Pace University’s Elisabeth Haub School of Law Launches Food and Beverage Law Clinic

Pace University’s Elisabeth Haub School of Law has received a generous grant of $400,000 from alumnus Rob Sands, and from Constellation Brands, where Mr. Sands is CEO and President. The gift will sponsor a two-year pilot of a new Food and Beverage Law Clinic that will provide transactional legal services to farmers, community and grassroots groups, and mission-oriented food and beverage entrepreneurs.

The Clinic is part of a broader collaboration between Pace Law and the Natural Resources Defense Council (NRDC) to expand the capacity of the legal community to provide direct services to individuals and organizations seeking to build a more sustainable and healthy regional food system. In order to implement innovative practices, farmers, food entrepreneurs, micro brewers and distillers, and other activists must navigate a complicated legal landscape governing everything from labelling to estate planning.

“Many businesses in the growing ‘farm to table’ economy start out in someone’s kitchen, backyard or even roof garden,” said David Yassky, Dean of the Elisabeth Haub School of Law at Pace University. “When these business grow, new legal issues emerge and often these entrepreneurs can’t afford the legal help they need. Our clinic will fill that gap. We are enormously grateful to our alumnus, Rob Sands, for his support and vision for this project.”

“I am thrilled to be supporting this important endeavor, which is the first of its kind in this region,” said Rob Sands, CEO of Constellation Brands and an alumnus of Pace Law. “I am particularly gratified to be able to help farmers and new food and beverage businesses get the legal help they need while also supporting students from my alma mater, Pace Law.”

Professor Margot Pollans, the Faculty Director of the Pace-NRDC Food Law Initiative will direct the Clinic. “We are very excited that this gift will make the clinic possible,” says Professor Pollans. “Launching the clinic was a primary goal of the Initiative from the start. We see it as a critical way for the legal community to help in the development of sustainable food economies.”
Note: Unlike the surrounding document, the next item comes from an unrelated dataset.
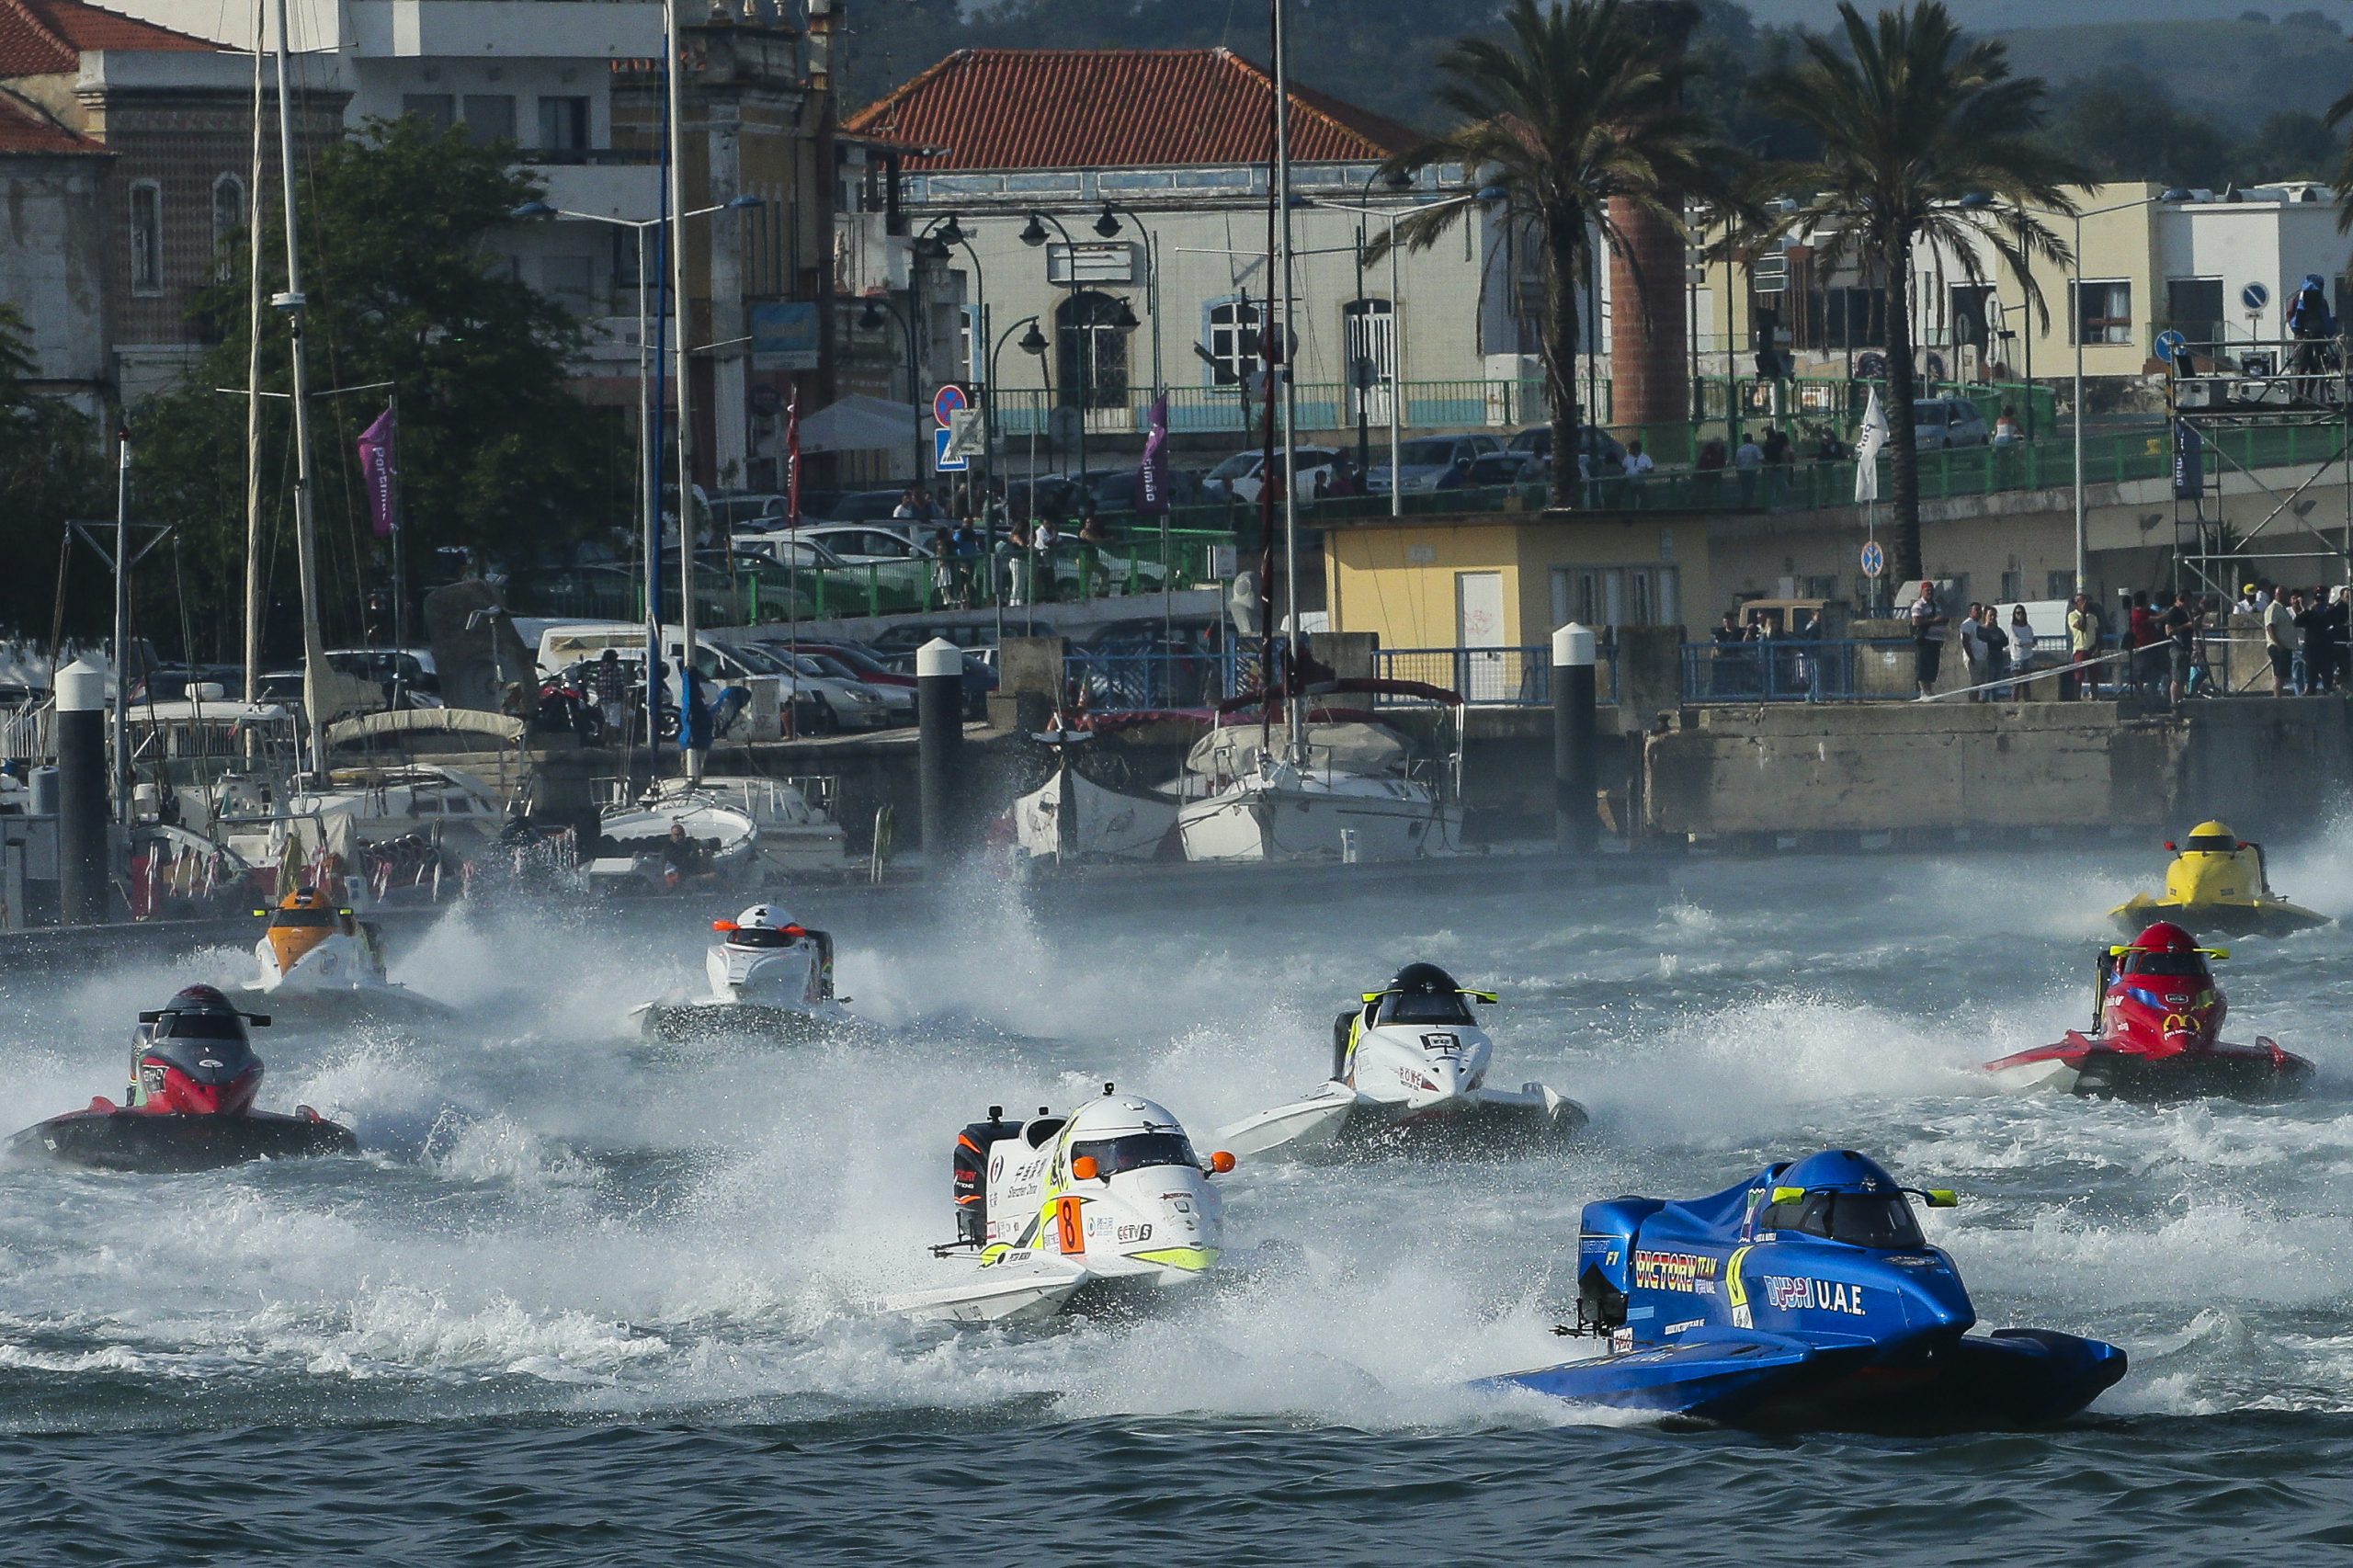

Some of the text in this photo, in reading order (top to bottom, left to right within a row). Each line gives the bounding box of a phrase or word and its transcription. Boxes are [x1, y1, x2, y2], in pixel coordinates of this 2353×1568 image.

[1399, 1066, 1422, 1085] ROWE
[1063, 1199, 1075, 1248] 8
[1635, 1250, 1718, 1292] VICTORY TEAM
[1816, 1280, 1867, 1316] U.A.E.
“The Haub Environmental Law Program is renowned for the environmental law and advocacy education that it provides. We have now expanded our expertise and faculty in the fast‐growing area of food law,” said Professor Jason J. Czarnezki, Associate Dean and Executive Director of the program. “The creation of a food law clinic is the next and exciting step in not only training our students to be excellent lawyers, but also addressing the direct legal service needs of small farmers, craft beverage makers, local food entrepreneurs, and food justice organizations.”

“This path-breaking clinic will provide much needed legal help to farmers and food revolutionaries in the region,” said Mark A Izeman, Senior Attorney and Director of the New York Program at NRDC. “It will also create a national food law model that others can replicate across the country. Together, NRDC and Pace are training a new generation of lawyers that will help rebuild our broken food systems, and cultivate stronger sustainable farming economies.”